Per quanto riguarda i criteri di sistemazione, il materiale si presenta diviso in due parti. La prima, suddivisa in stampa periodica e non periodica, comprende la produzione a stampa del CLN e del CVL, del PCI, del Pd’A, della DC, del PLI, del PSIUP, della Giunta d’intesa Partito comunista italiano e Partito socialista italiano di unità proletaria, del Fronte della gioventù per l’indipendenza nazionale e la libertà, dei Gruppi di difesa della donna e per l’assistenza ai combattenti della libertà, del Movimento sindacale, delle formazioni brigate del popolo, Fiamme verdi, Garibaldi, Giustizia e libertà, Mameli, Matteotti, Mazzini, e delle Formazioni autonome.
La seconda, invece, comprende la stampa del Movimento dei cattolici comunisti, del Movimento federalista europeo, del Partito comunista internazionalista, del PLI, del PRI, quella della Venezia-Giulia e Dalmazia, dei rifugiati e resistenti all’estero, della propaganda alleata, della Chiesa cattolica.
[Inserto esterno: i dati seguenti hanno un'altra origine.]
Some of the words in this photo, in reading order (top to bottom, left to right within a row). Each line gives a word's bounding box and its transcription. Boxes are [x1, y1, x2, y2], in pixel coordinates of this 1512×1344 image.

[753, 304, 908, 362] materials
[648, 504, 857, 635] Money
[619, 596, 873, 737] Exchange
Conclude la raccolta la stampa varia: di movimenti politici minori e di non identificata appartenenza politica.
Il saggio presenta, per agevolare la ricerca, degli indici «particolari»: indice alfabetico delle testate dei periodici, indice alfabetico della stampa non periodica, indice geografico, indice della stampa bilingue o in lingua straniera, delle formazioni militari, delle categorie, degli autori, dei partiti e gruppi minori.
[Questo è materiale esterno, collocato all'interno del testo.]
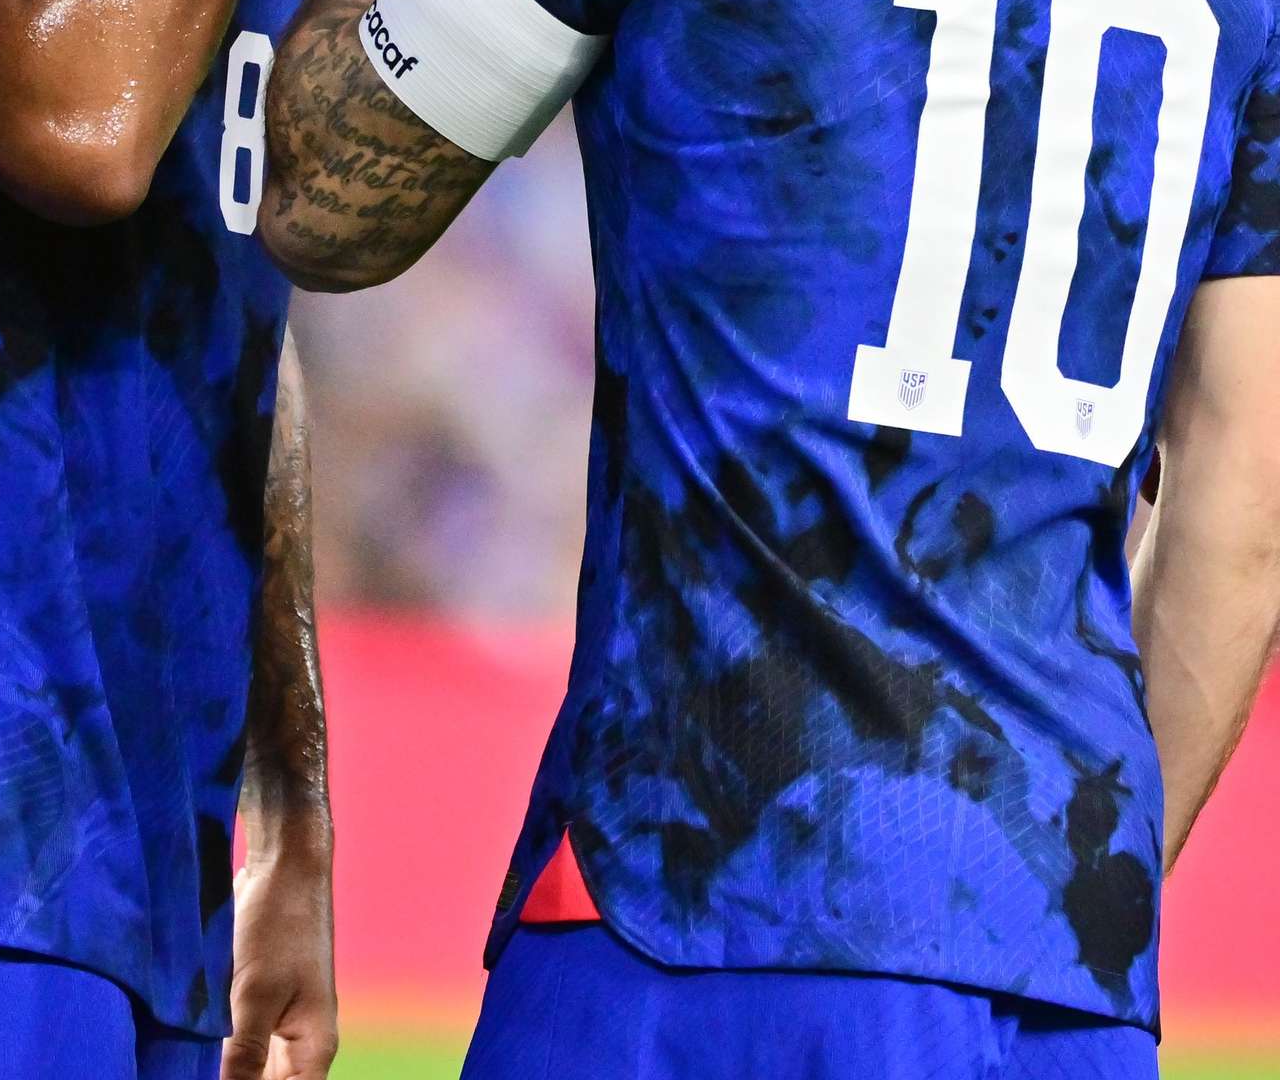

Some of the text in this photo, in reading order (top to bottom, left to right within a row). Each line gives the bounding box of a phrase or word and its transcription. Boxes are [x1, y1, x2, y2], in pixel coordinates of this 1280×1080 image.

[219, 30, 275, 236] 8
[903, 372, 926, 388] USA
[1077, 401, 1093, 417] USA
Come si è già accennato, l’importante lavoro di Laura Conti è stato ampliato e rielaborato da un gruppo di lavoro la cui attività è confluita nel volume Resistenza e Costituzione. Catalogo delle fonti conservate presso la Biblioteca e l’Archivio della Fondazione Giangiacomo Feltrinelli (Milano, Fondazione Giangiacomo Feltrinelli, 1998). Il materiale «contiano» è stato completamente rivisto e arricchito con quanto è stato acquisito nei decenni, ma è stato comunque riproposto nelle originali suddivisioni. Grazie alle tecnologie informatiche <35, sono stati aggiunti gli indici dei nomi di persona, dei luoghi geografici e degli organismi citati.
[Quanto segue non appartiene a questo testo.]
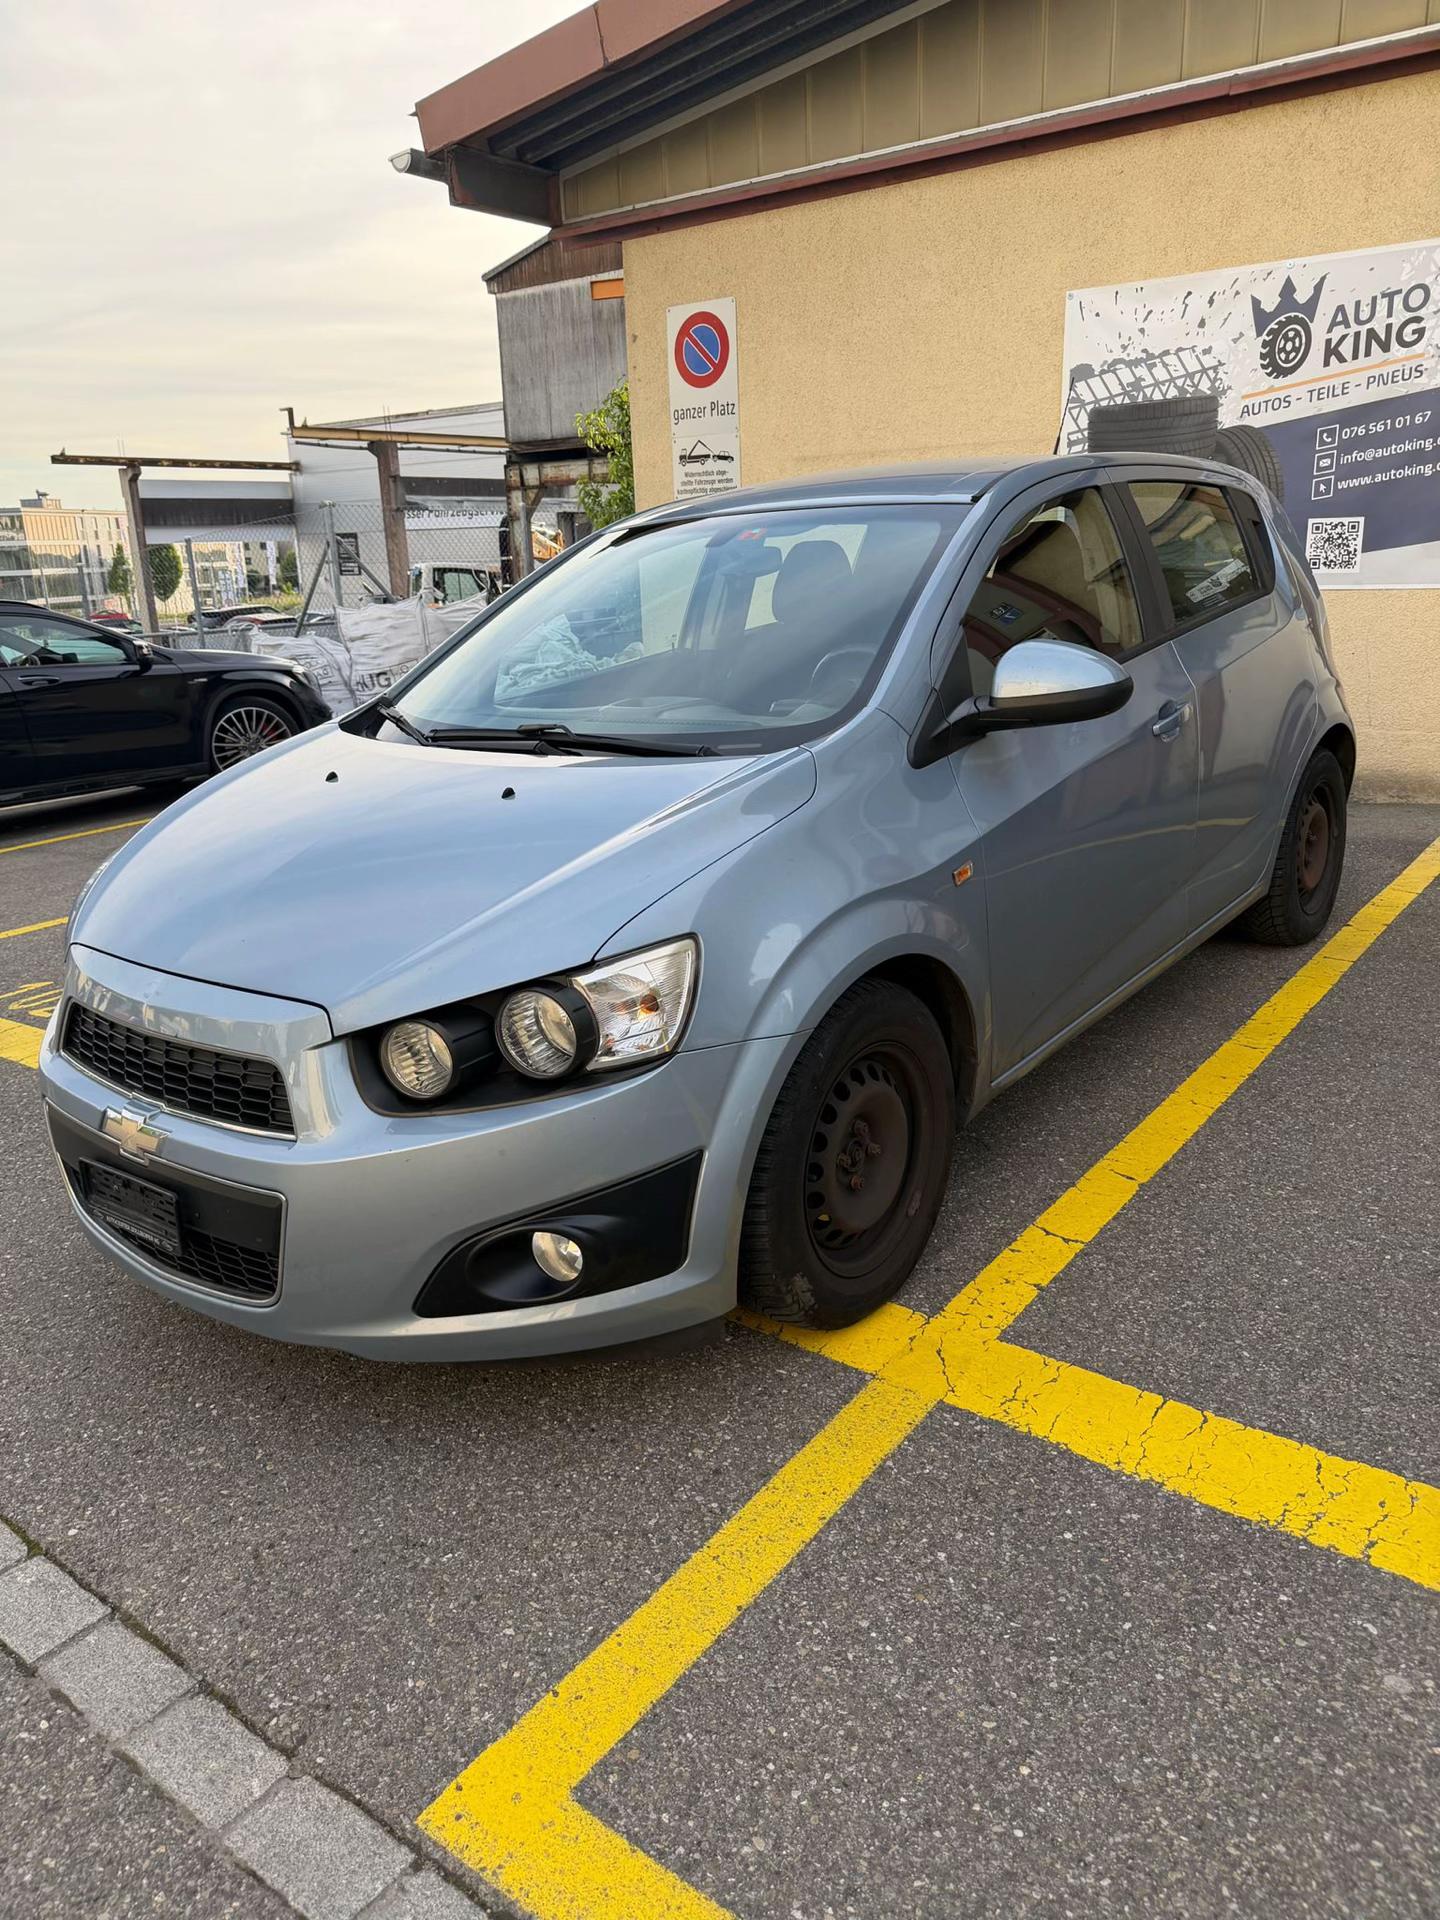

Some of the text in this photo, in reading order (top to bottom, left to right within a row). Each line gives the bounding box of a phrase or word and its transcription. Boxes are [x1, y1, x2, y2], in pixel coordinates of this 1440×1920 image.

L’Istituto lombardo per la storia del movimento di liberazione in Italia (ora Istituto lombardo di storia contemporanea) ha curato e promosso nel 1989 la pubblicazione della Bibliografia dei giornali lombardi della Resistenza. 25 luglio 1943-25 aprile 1945 (Milano, Bibliografica). Si tratta di una bibliografia critico-analitica dei 147 giornali clandestini che vennero redatti e/o stampati in Lombardia tra la metà del 1943 e la Liberazione. L’accurato lavoro dei compilatori si è basato sull’esame diretto di ogni testata e di ogni numero reperito, presentati in ordine alfabetico attraverso schede che forniscono la descrizione fisica, un profilo sintetico dei contenuti e degli orientamenti politici del giornale, le informazioni relative alla reperibilità degli originali, in ristampe o in raccolte. Il volume è corredato di un indice dei nomi citati nel testo.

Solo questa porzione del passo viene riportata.